**WHAT IS NEEDED**
Please transcribe the entries that follow exactly as they stand, skipping each picture.

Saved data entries
-- -- --

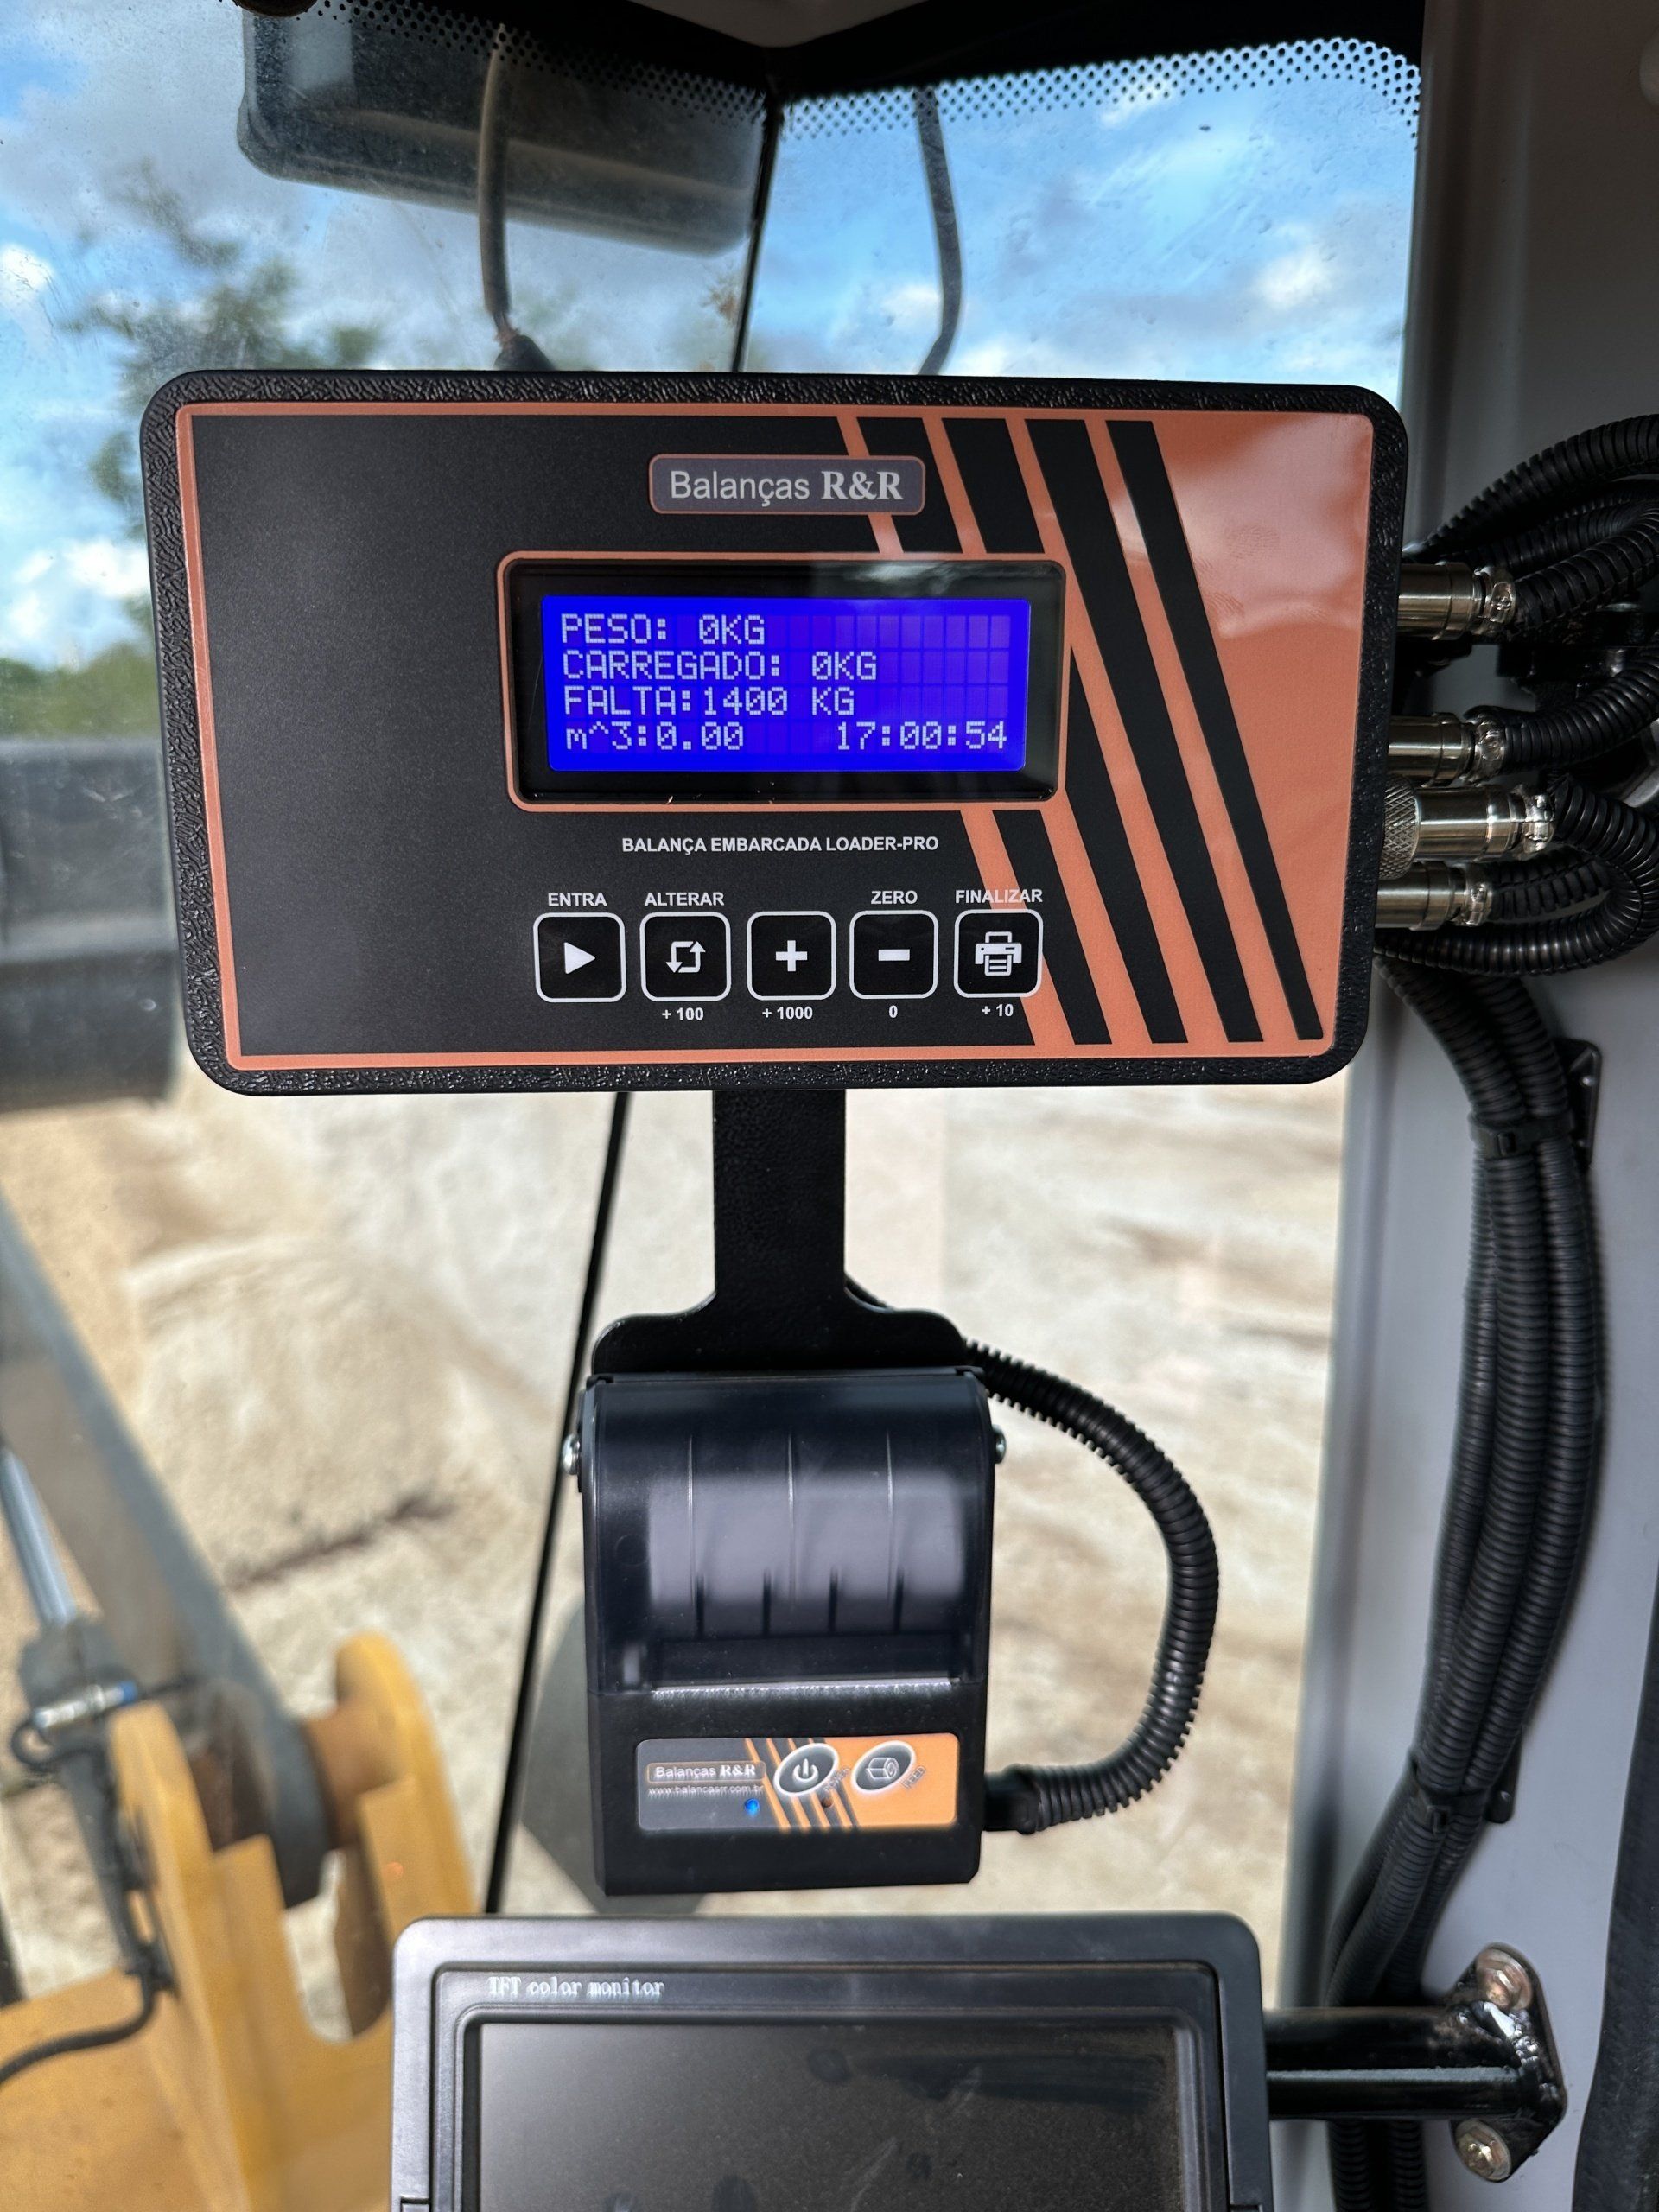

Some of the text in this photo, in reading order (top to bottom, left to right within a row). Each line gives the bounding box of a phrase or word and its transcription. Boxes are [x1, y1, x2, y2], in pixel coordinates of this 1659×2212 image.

[671, 471, 904, 505] Balanças R&R
[561, 613, 765, 644] PESO: 0KG
[563, 651, 876, 681] CARREGADO: 0KG
[811, 688, 855, 716] KG
[837, 721, 1007, 750] 17:00:54
[622, 836, 939, 855] BALANÇA EMBARCADA LOADER-PRO
[548, 892, 607, 906] ENTRA
[645, 892, 724, 906] ALTERAR
[871, 890, 918, 905] ZERO
[956, 889, 1043, 904] FINALIZAR
[676, 1007, 704, 1021] 100
[776, 1007, 813, 1020] 1000
[888, 1005, 898, 1019] 0
[995, 1004, 1014, 1018] 10
[655, 1764, 756, 1778] Balanças R&R
[487, 1976, 665, 1995] TFT color monitor

-- -- --

**RESULT FOR THIS EXERCISE**
Some of the text in this photo, in reading order (top to bottom, left to right within a row). Each line gives the bounding box of a phrase or word and its transcription. Boxes are [x1, y1, x2, y2], in pixel coordinates of this 1659×2212 image.

[671, 471, 904, 505] Balanças R&R
[561, 613, 765, 644] PESO: 0KG
[563, 651, 876, 681] CARREGADO: 0KG
[811, 688, 855, 716] KG
[837, 721, 1007, 750] 17:00:54
[622, 836, 939, 855] BALANÇA EMBARCADA LOADER-PRO
[548, 892, 607, 906] ENTRA
[645, 892, 724, 906] ALTERAR
[871, 890, 918, 905] ZERO
[956, 889, 1043, 904] FINALIZAR
[676, 1007, 704, 1021] 100
[776, 1007, 813, 1020] 1000
[888, 1005, 898, 1019] 0
[995, 1004, 1014, 1018] 10
[655, 1764, 756, 1778] Balanças R&R
[487, 1976, 665, 1995] TFT color monitor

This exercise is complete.